En las oficinas del Paseo de Cervantes se esperaban un castigo ejemplar para su técnico Miguel Ángel Álvarez Tomé. Entre tres o cuatro partidos de suspensión era lo que temían, habida cuenta de que el preparador leonés era reincidente y ya en la ocasión anterior recibió un castigo de dos encuentros por la tarjeta roja que vio ante Osasuna B.
Pues bien, el Juez Único de Competición tan sólo ha impuesto de nuevo una sanción de dos encuentros al preparador albiazul, que deberá seguir las evoluciones de sus pupilos, bien desde la grada o desde el palco ante el Oviedo el domingo en Mendizorroza y frente a la Peña Sport la siguiente jornada a domicilio.
Tras este dictamen, en las oficinas del Paseo de Cervantes tienen la sensación de que no se ha tenido en cuenta la reiteración de sanciones tal y cómo esperaban, ya que sospechaban que si en la primera ocasión se llevó dos partidos de suspensión, ahora por otro tanto de lo mismo y encima tras haber reincidido temían que podían haber sido más, pero felizmente no ha sido así.
Por su parte, su ayudante Alfonso Subero, Tito, también ha recibido un castigo similar. El entrenador de porteros, que el pasado domingo vio su primera tarjeta roja de la temporada por dirigirse al colegiado "de forma airada y gritando: "¡sois unos putos acojonados!"", ha recibido una sanción de dos encuentros.
LA OPCIÓN DE OCENDA De este modo, ante Oviedo y Peña Sport, el Alavés no tendrá a ninguno de sus dos primeros espadas en el banquillo. El club cuenta con varias opciones para dirigir al equipo desde la banda y a partir de hoy tomará una decisión, aunque la opción que más fuerza toma para estar al frente del primer plantel en esos dos choques es la de Iñaki Ocenda, técnico del juvenil.

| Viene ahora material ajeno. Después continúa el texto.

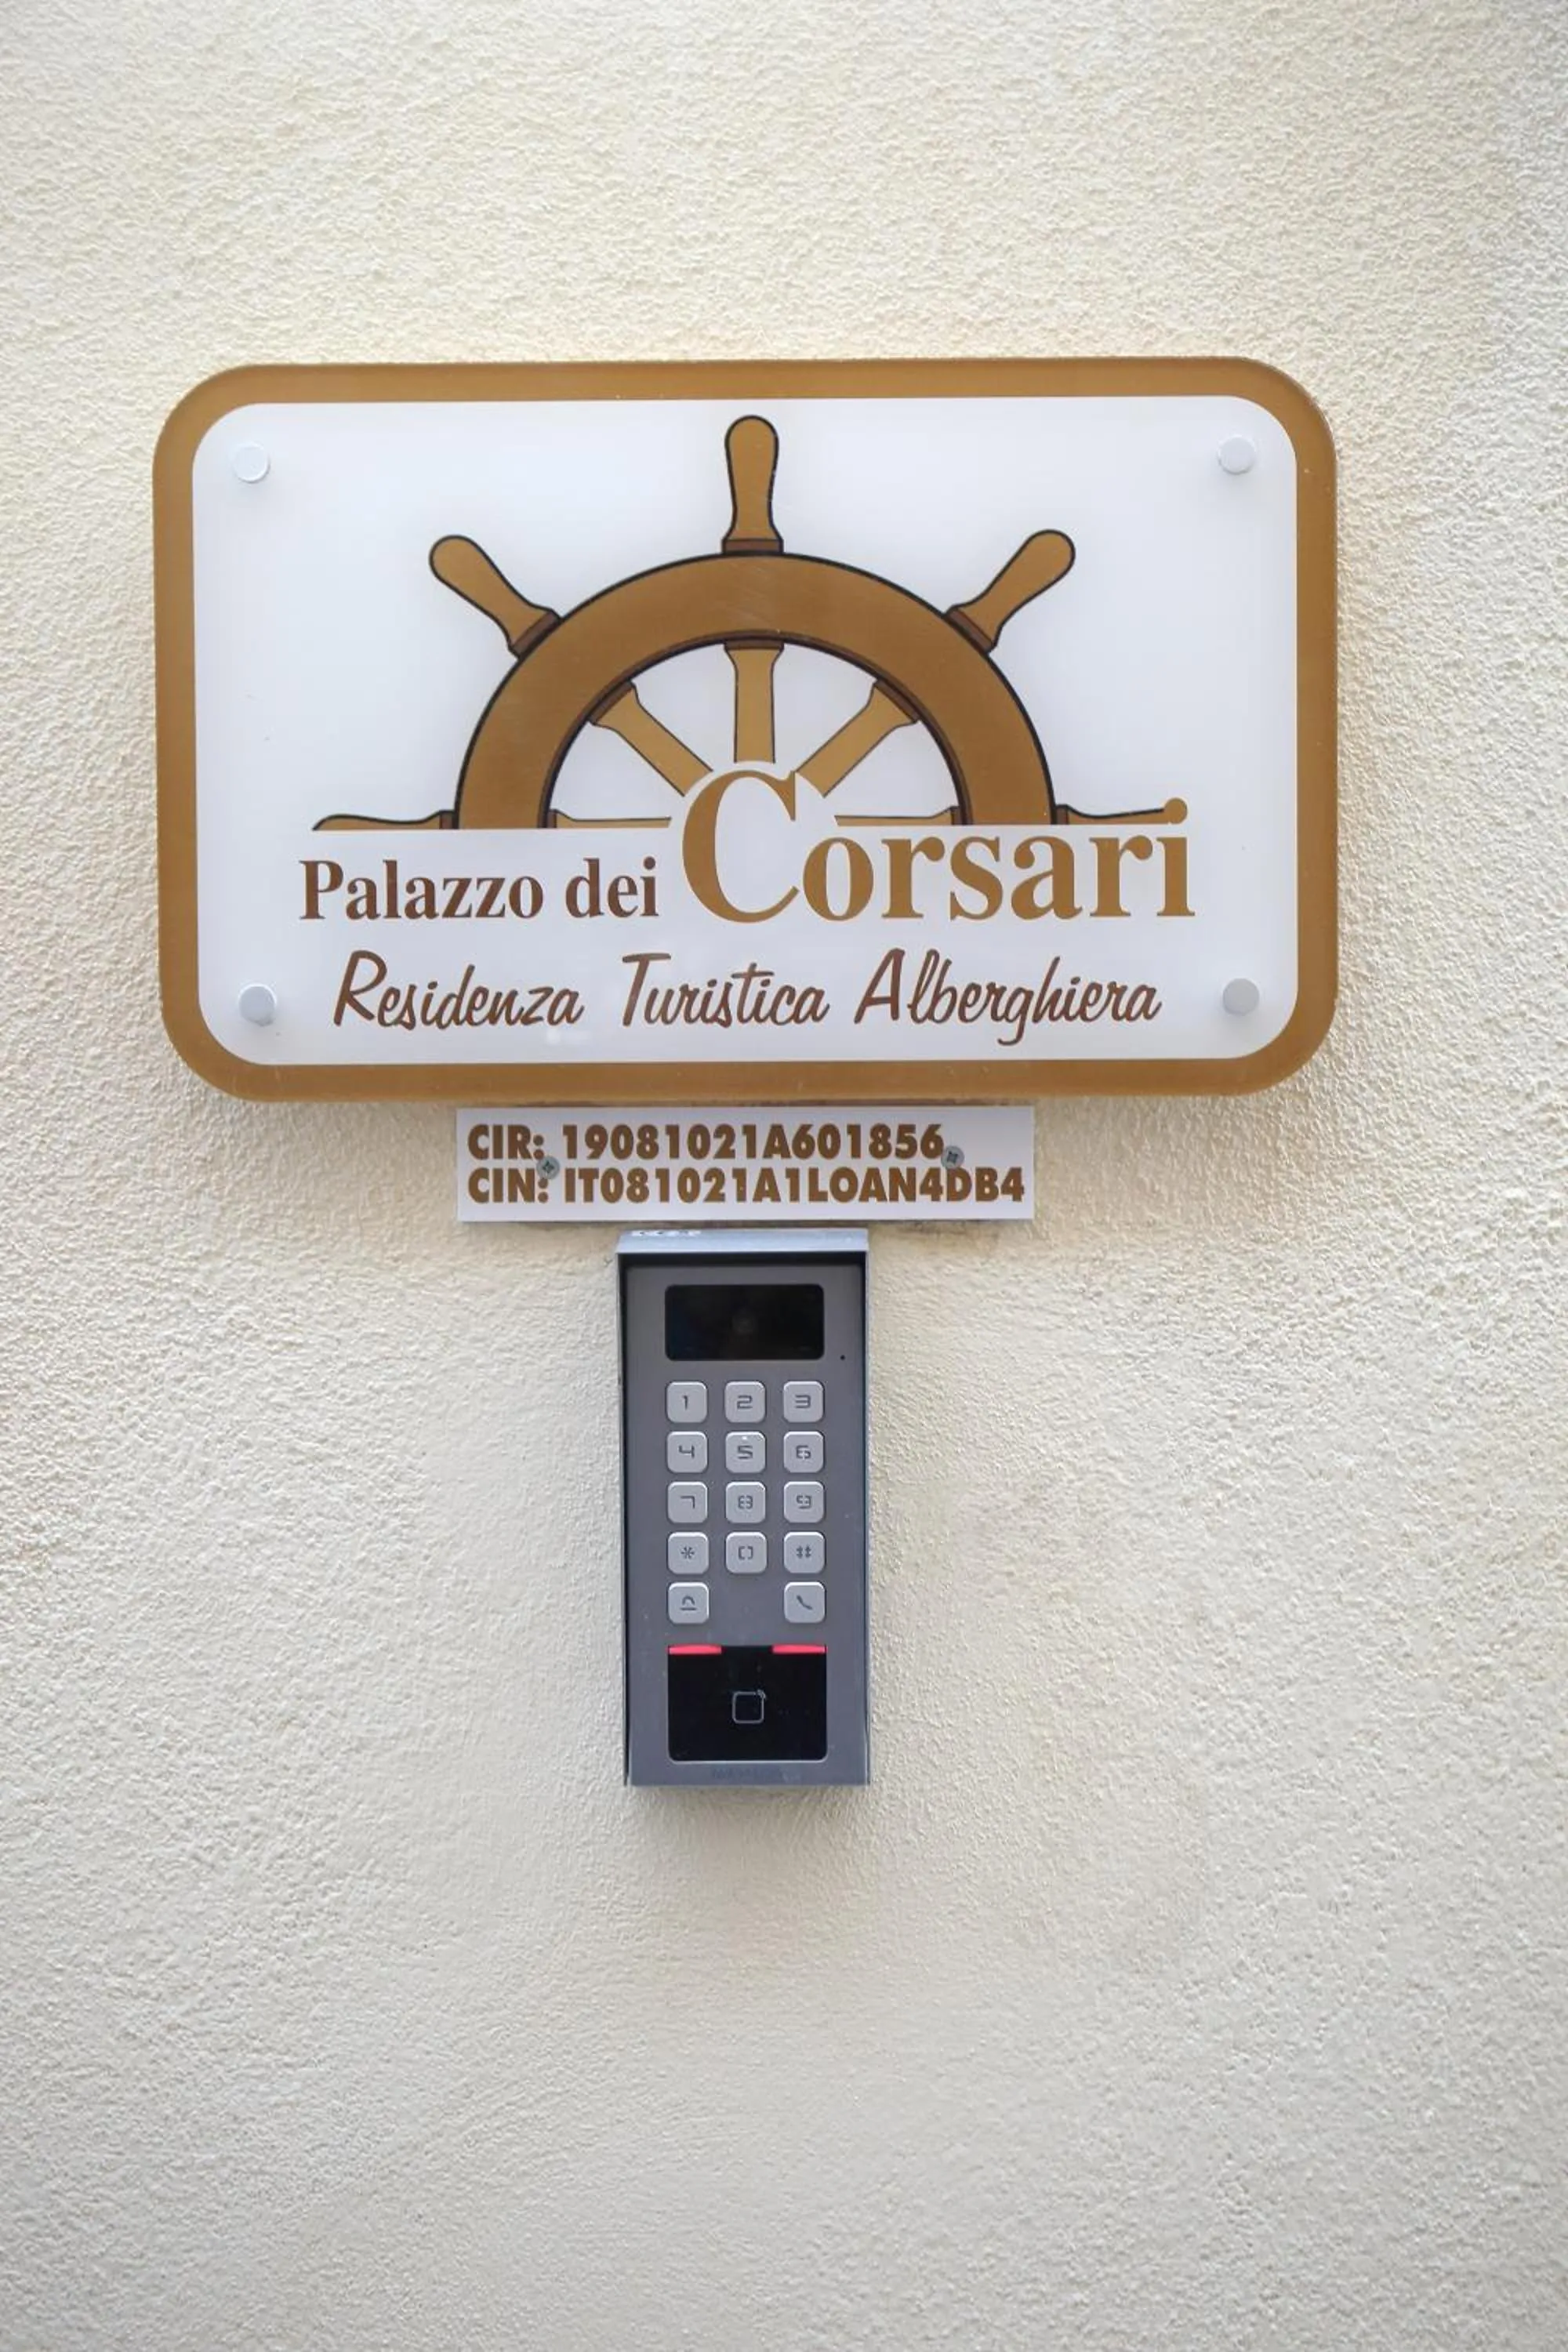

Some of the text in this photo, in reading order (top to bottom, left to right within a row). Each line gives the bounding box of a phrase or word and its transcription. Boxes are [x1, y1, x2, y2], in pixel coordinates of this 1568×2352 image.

Por último, Jon Moya ha sido castigado con un partido de suspensión por la tarjeta roja que vio en el descuento del choque de Mareo ante el Sporting. El club entiende que esa tarjeta no fue justa ya que el vizcaíno no propinó el codazo que puso el colegiado en el acta, pero habida cuenta de que era muy difícil demostrarlo, decidieron no recurrir y acatan la sanción impuesta.